Patients with CHF may be resistant to diuretic therapy. CHF leads to diminished kidney perfusion and consequently to diminished delivery of the diuretic to the kidney. In addition, increased activity of the renin-angiotensin-aldosterone system leads to increased sodium reabsorption at other nephron sites. Finally, in patients treated with an oral loop diuretic, delayed intestinal absorption of the loop diuretic may prevent the threshold rate of diuretic excretion to be reached. Because of these phenomena, addition of a thiazide diuretic may be necessary. Chlorothiazide is the only thiazide diuretic that can be administered intravenously. However, oral hydrochlorothiazide, chlorthalidone, and metolazone are also effective. There are several other special considerations when treating patients with CHF:
• For patients treated with an oral loop diuretic, torsemide or bumetanide may be better choices than furosemide. The bioavailability of oral furosemide averages about 50%, but ranges from 10% to 100%. In addition, the bioavailability may vary greatly over time in an individual patient. The bioavailability of torsemide and bumetanide is more predictable.
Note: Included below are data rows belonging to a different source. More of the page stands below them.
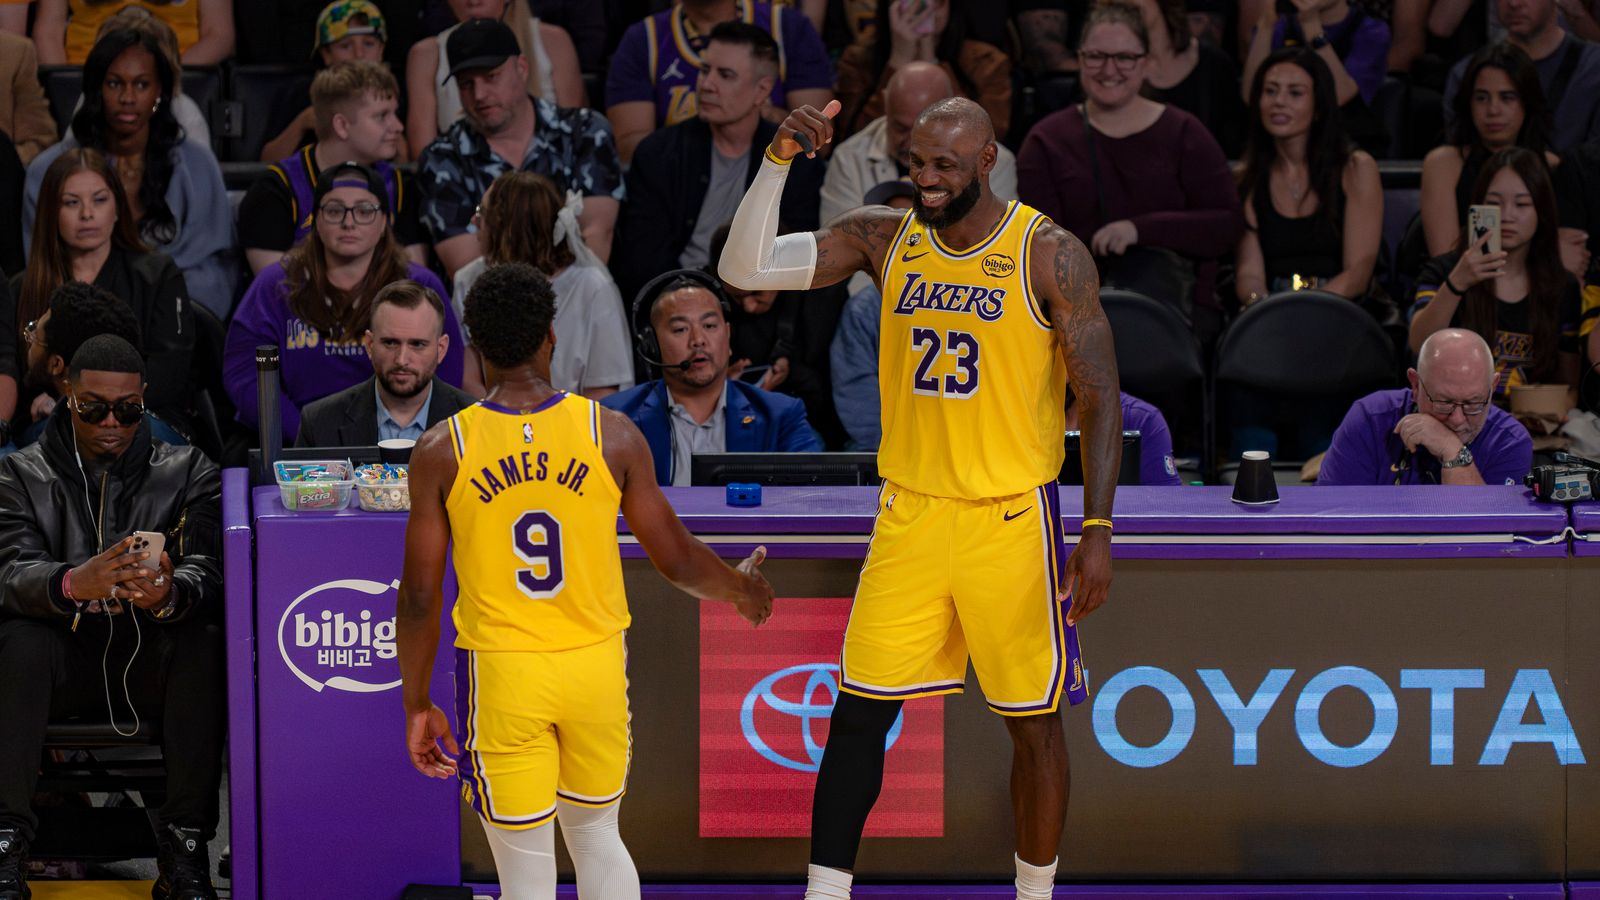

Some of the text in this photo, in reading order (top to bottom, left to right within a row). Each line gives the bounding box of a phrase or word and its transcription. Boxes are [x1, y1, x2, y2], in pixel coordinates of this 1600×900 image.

[985, 258, 1014, 272] bibigo
[893, 271, 1008, 323] LAKERS
[911, 326, 980, 400] 23
[300, 492, 331, 504] Extra
[469, 451, 590, 504] JAMES JR.
[511, 509, 567, 600] 9
[294, 609, 398, 659] bibig
[317, 649, 374, 668] 비비고
[1084, 665, 1588, 768] OYOTA
• Spironolactone and eplerenone improve survival in patients with heart failure with reduced ejection fraction. This benefit is thought to be independent of the diuretic effect.
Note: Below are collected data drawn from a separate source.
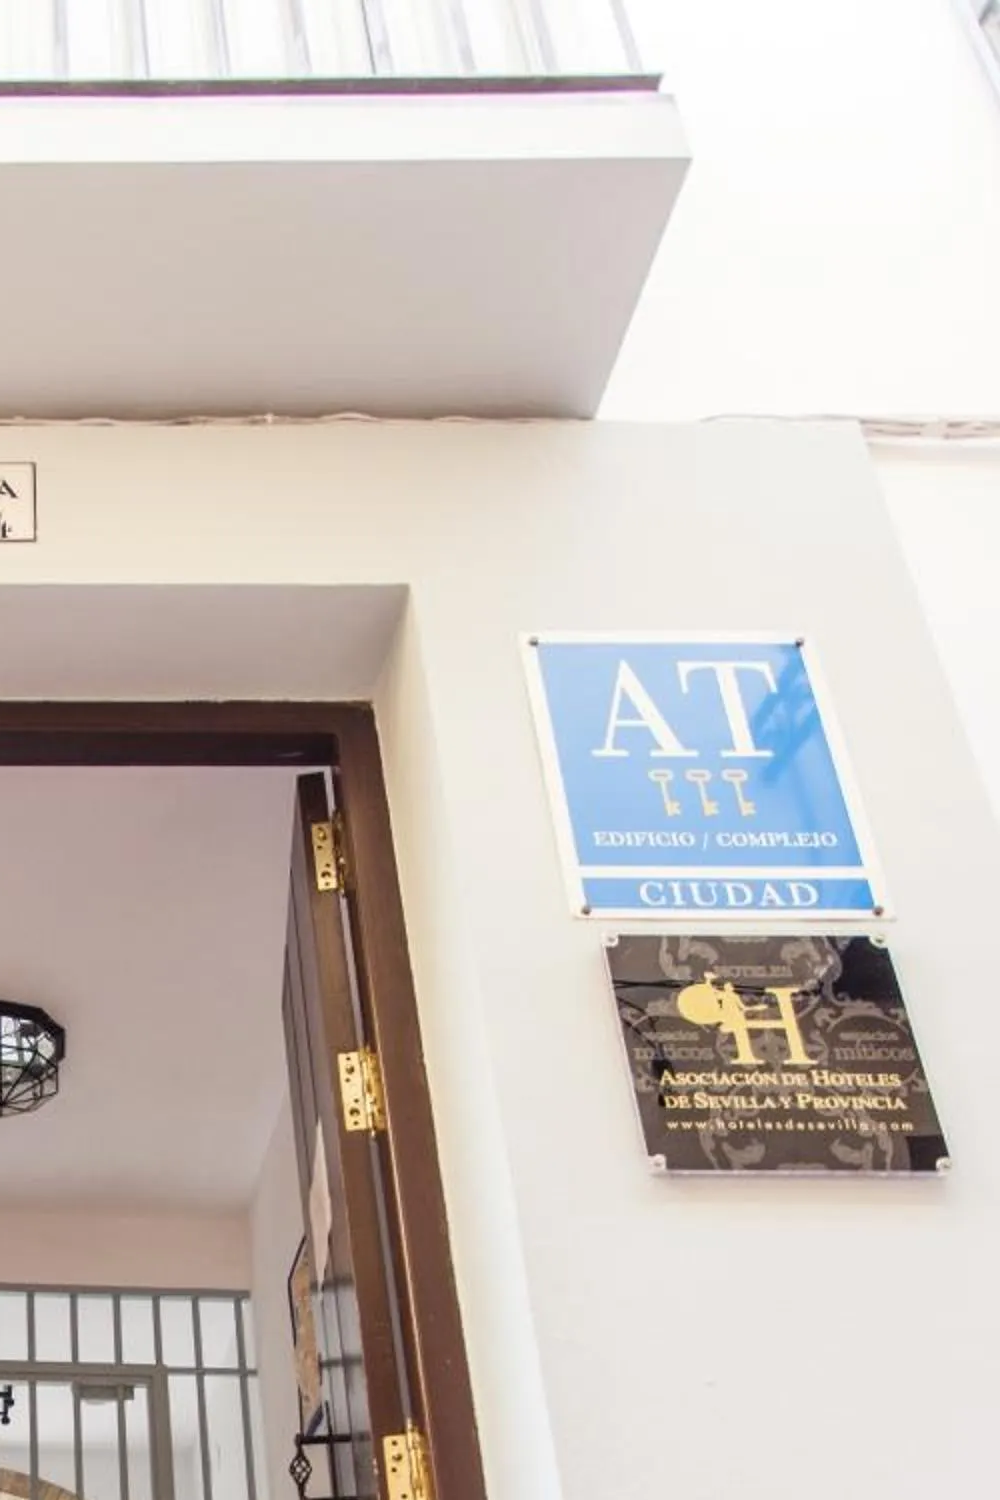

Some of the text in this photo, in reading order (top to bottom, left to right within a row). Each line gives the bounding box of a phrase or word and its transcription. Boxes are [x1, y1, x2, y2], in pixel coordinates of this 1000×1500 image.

[591, 660, 778, 757] AT
[593, 831, 696, 847] EDIFICIO
[716, 831, 838, 847] COMPLEJO
[638, 882, 819, 907] CIUDAD
[659, 1069, 901, 1087] ASOCIACIÓN DE HOTELES
[664, 1095, 691, 1109] DE
[694, 1092, 777, 1109] SEVILLA
[797, 1093, 908, 1110] PROVINCIA
• Diuresis may lead to contraction of the vascular compartment, decreased venous return to the heart, decreased cardiac filling pressures, decreased cardiac output, decreased kidney perfusion, and prerenal azotemia. However, patients with elevated central venous pressure have elevated kidney venous pressure. Elevated kidney venous pressure impairs kidney perfusion. In such patients, diuresis may lead to improvement in kidney function.
• Patients with chronic obstructive pulmonary disease may have chronic respiratory acidosis and cor pulmonale. Diuresis can lead to contraction alkalosis. Contraction alkalosis can depress ventilation, thereby exacerbating the hypoxemia and hypercapnia. In this situation, correction of the contraction alkalosis can be achieved by the administration of the carbonic anhydrase inhibitor acetazolamide.